Nov 97 MacTech Online
Volume Number: 13 (1997)
Issue Number: 11
Column Tag: MacTech Online
by Nicholas C. "nick.c" DeMello email@example.com
Shareware: Software In A Bottle
There are three great myths in modern society. One concerns a man named Elvis, another involves a place known as Roswell, and the third is the idea that you can't make money writing shareware. I can't say much about the first two, but shareware is a powerful and effective marketing method. It isn't easy to make a living building shareware products, but many folks do. This month we're going to tour some online resources that you should explore if you intend to make money through shareware.
The Voice Of Experience
One of the first games I remember playing on the Macintosh was called Scarab of RA. It's not surprising that Rick Holzgrafe, the author of that classic shareware product, has something to say about making a great shareware product.
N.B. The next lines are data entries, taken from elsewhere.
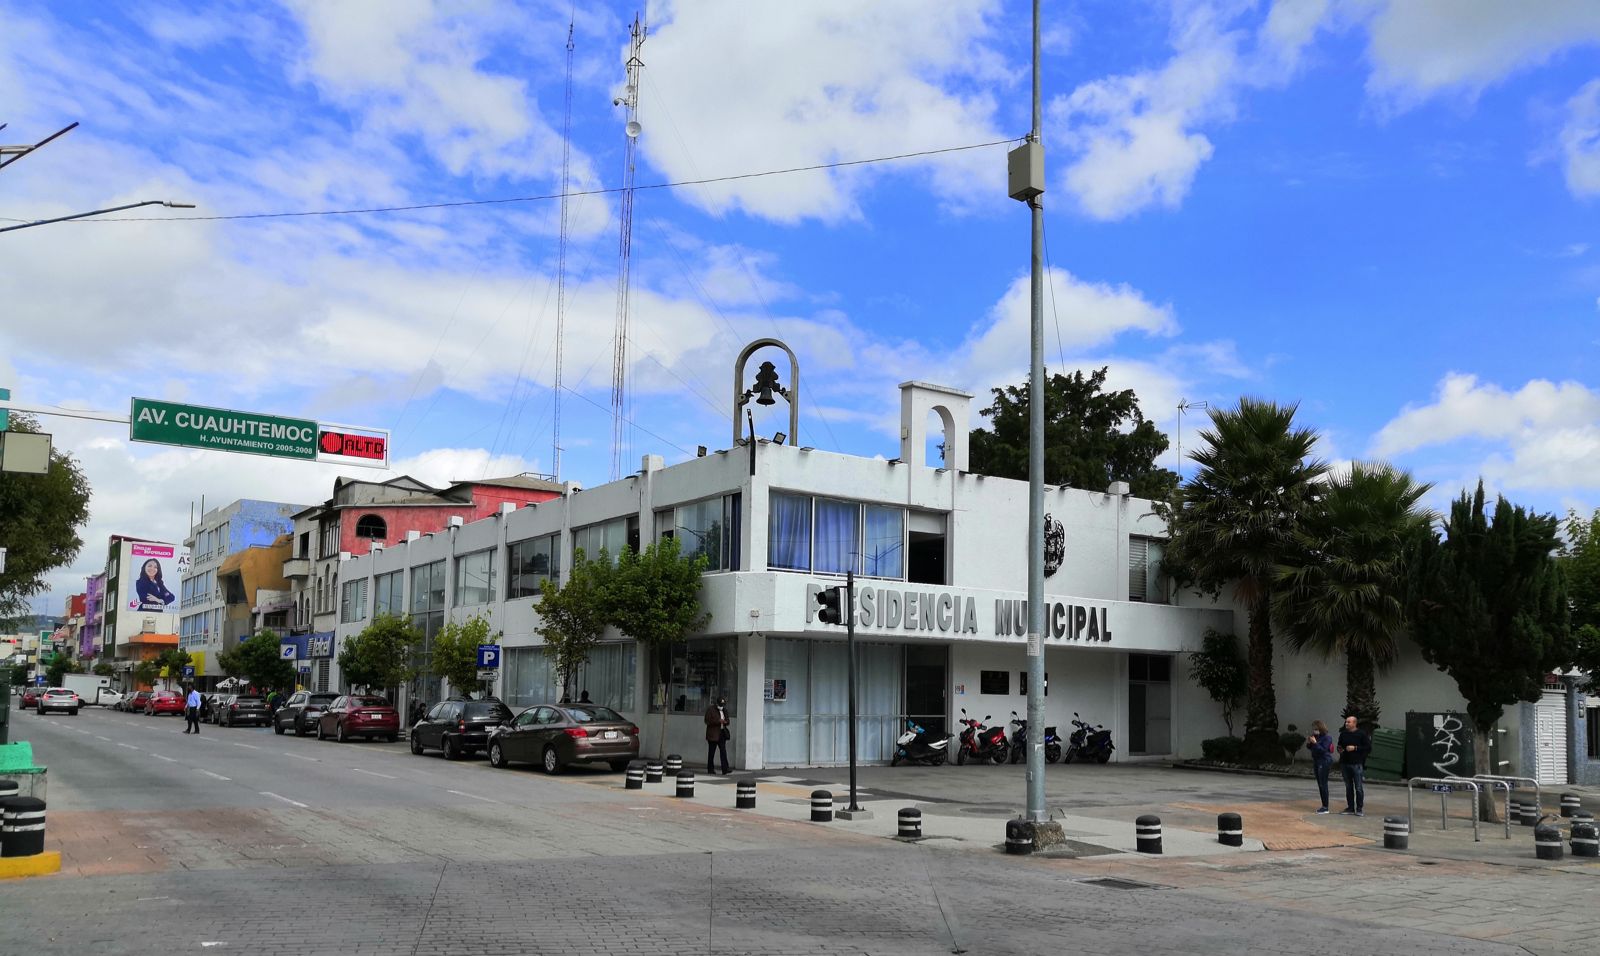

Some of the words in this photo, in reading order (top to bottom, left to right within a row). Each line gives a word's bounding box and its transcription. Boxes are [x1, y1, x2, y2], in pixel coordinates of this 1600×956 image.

[138, 407, 169, 426] AV.
[175, 412, 313, 442] CUAUHTEMOC
[200, 434, 209, 443] H.
[210, 435, 274, 449] AYUNTAMIENTO
[275, 444, 313, 454] 2005-2008
[345, 439, 385, 454] ALTO
[806, 583, 978, 633] PESIDENCIA
[484, 651, 495, 665] P
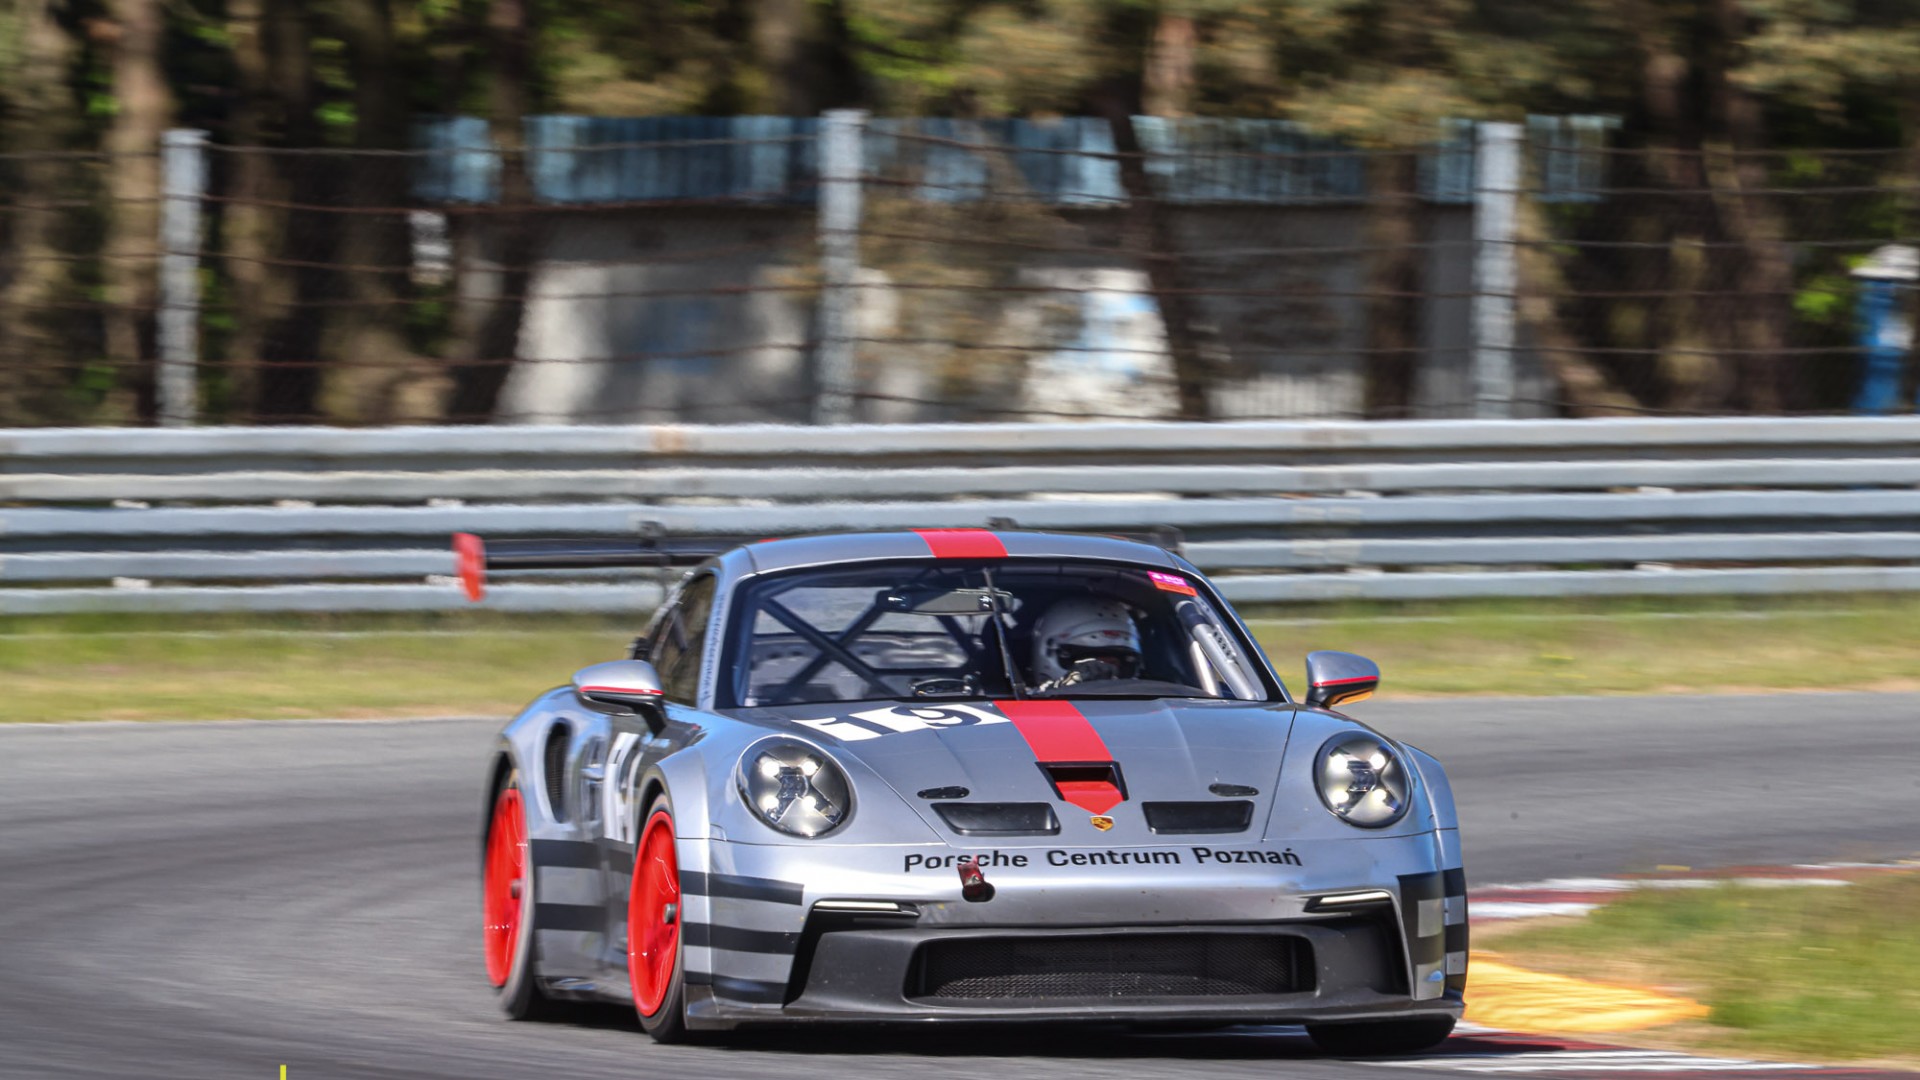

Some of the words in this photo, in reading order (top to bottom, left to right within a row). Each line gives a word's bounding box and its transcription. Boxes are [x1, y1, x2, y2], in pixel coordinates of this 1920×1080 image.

[820, 705, 982, 736] 19
[1047, 849, 1182, 866] Centrum
[1191, 847, 1303, 867] Poznań
Rick's shareware company (Semicolon Software) hosts eight pages of suggestions for aspiring shareware authors. If you're interested in creating shareware, you should read these pages.
Folks who move files to or from a Mac by FTP know who Peter Lewis is. The author of Anarchie and NetPresenz, Peter makes his living as a full time shareware author and few people have better insight into the shareware industry. Peter and Jeremy Nelson have two pages of practical advice for the new shareware author.
A fundamental and controversial issue of shareware authoring is deciding how to encourage your user into paying a shareware fee. While everyone was arguing their opinion on this issue, shareware author Colin Messitt conducted a case study. Colin released a single copy of a shareware program whose installer had a 50% of chance of creating either of two subtly different versions. One version was completely functional, but periodically reminded the user to register. The other version was hobbled in such a way that the user could explore the programs functionality, but not seriously make use of the program until it was registered. Colin found folks registered the hobbled version 5 times more frequently than they did the unrestricted version. Read the details of this study online at shareware.org.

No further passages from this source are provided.